You might want to `grep oce /var/run/dmesg.boot` instead (or just provide the full dmesg.boot).


----------



## mrjayviper (Dec 27, 2022)

yuripv79 said:


> You might want to `grep oce /var/run/dmesg.boot` instead (or just provide the full dmesg.boot).


edited OP to reflect suggestion. thanks


----------



## yuripv79 (Dec 27, 2022)

Important line here is `device_attach: oce0 attach returned 6` meaning that driver failed to attach.

Are you using PCI pass-through for this NIC? Or is it virtual function using SR-IOV?

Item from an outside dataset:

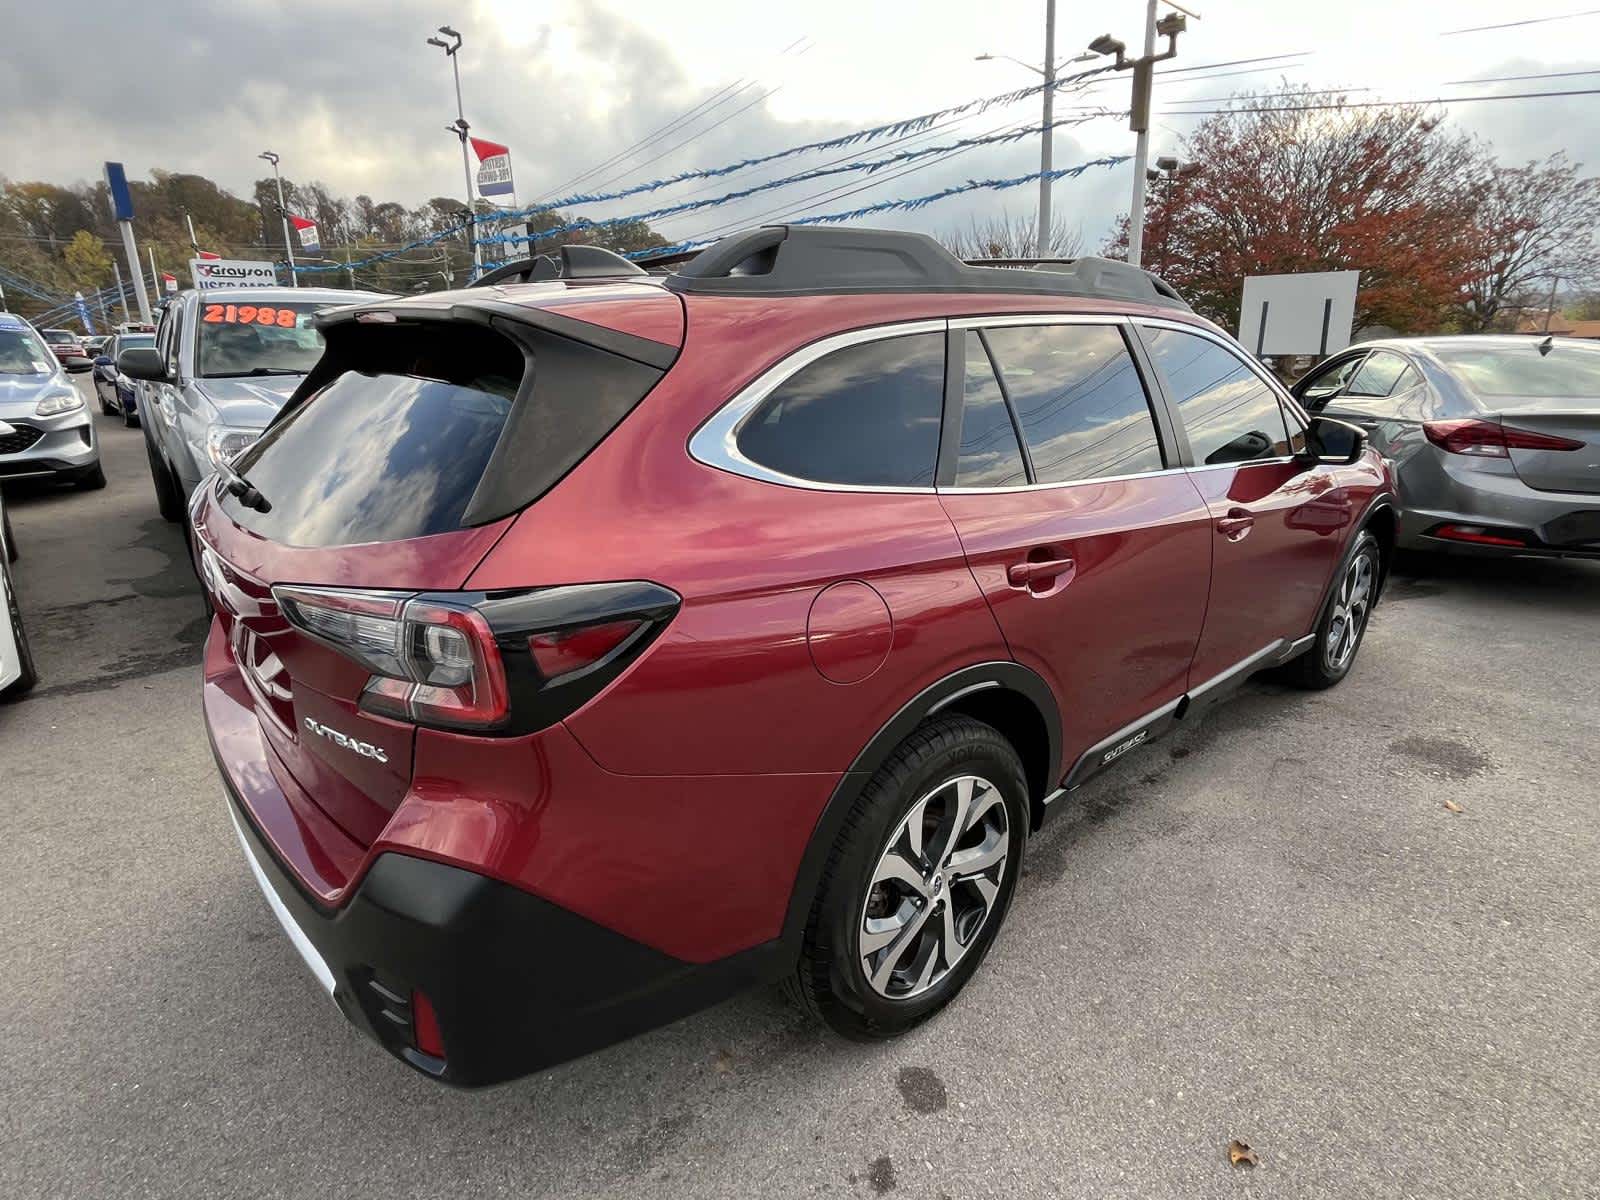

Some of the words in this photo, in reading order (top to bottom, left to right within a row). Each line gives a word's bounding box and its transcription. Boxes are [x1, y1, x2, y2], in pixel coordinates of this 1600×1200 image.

[209, 264, 272, 278] Grayson
[203, 303, 296, 328] 21988
[304, 717, 389, 763] OUTBACK
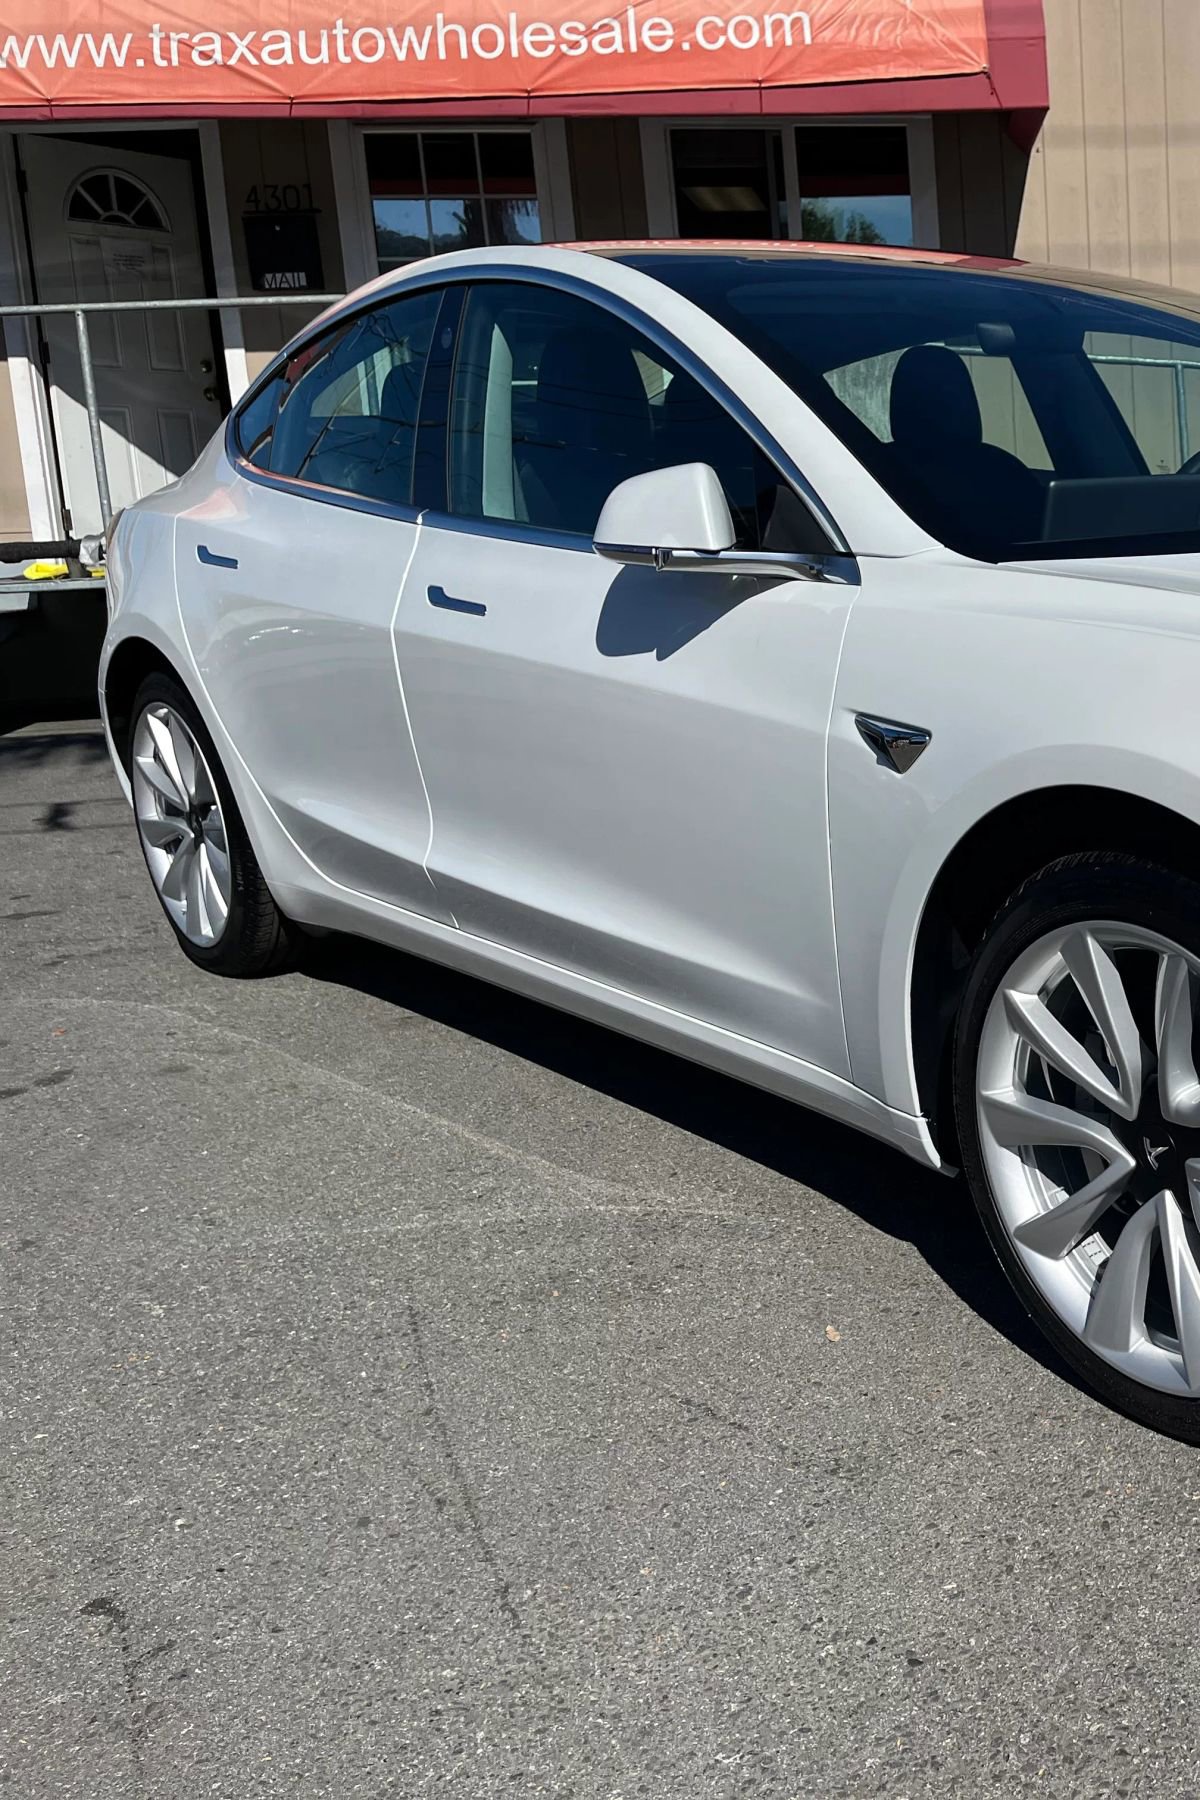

Also try verbose boot (i.e. `boot -v`) from the loader prompt, it could provide hints as to why it failed.


----------



## mrjayviper (Dec 27, 2022)

yuripv79 said:


> Important line here is `device_attach: oce0 attach returned 6` meaning that driver failed to attach.
> 
> Are you using PCI pass-through for this NIC? Or is it virtual function using SR-IOV?
> 
> Also try verbose boot (i.e. `boot -v`) from the loader prompt, it could provide hints as to why it failed.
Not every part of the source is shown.